Figure. 2.7 – Critical Timing Path for SRAM

Precharge and initiation times for sensing as well as column address buffer and decoder delays can be hidden in the critical timing of an SRAM.

The memory clock cycle time, is the minimum time needed to complete successive read or write operations. Maximum read access time should not exceed the memory cycle time since there are write setup operations needed before each memory operation.

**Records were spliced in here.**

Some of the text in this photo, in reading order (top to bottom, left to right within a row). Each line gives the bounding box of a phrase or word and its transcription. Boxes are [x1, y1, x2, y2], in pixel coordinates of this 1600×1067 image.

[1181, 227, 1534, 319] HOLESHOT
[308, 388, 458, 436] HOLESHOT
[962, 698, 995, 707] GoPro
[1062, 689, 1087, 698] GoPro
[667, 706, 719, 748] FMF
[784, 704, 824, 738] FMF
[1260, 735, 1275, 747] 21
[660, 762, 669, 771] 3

The cycle time is essentially the reciprocal of the time rate at which address information is changed while reading or writing at random locations.

#### FUNCTIONAL SRAM CHIP MODEL

Memories are said to be static if no periodic clock signals are required to retain stored data indefinitely. Memory cells in these circuits have a direct path to VDD or Gnd or both. Read-write memory cell arrays based on flip-flop circuits are commonly referred to as Static RAM's or SRAM's.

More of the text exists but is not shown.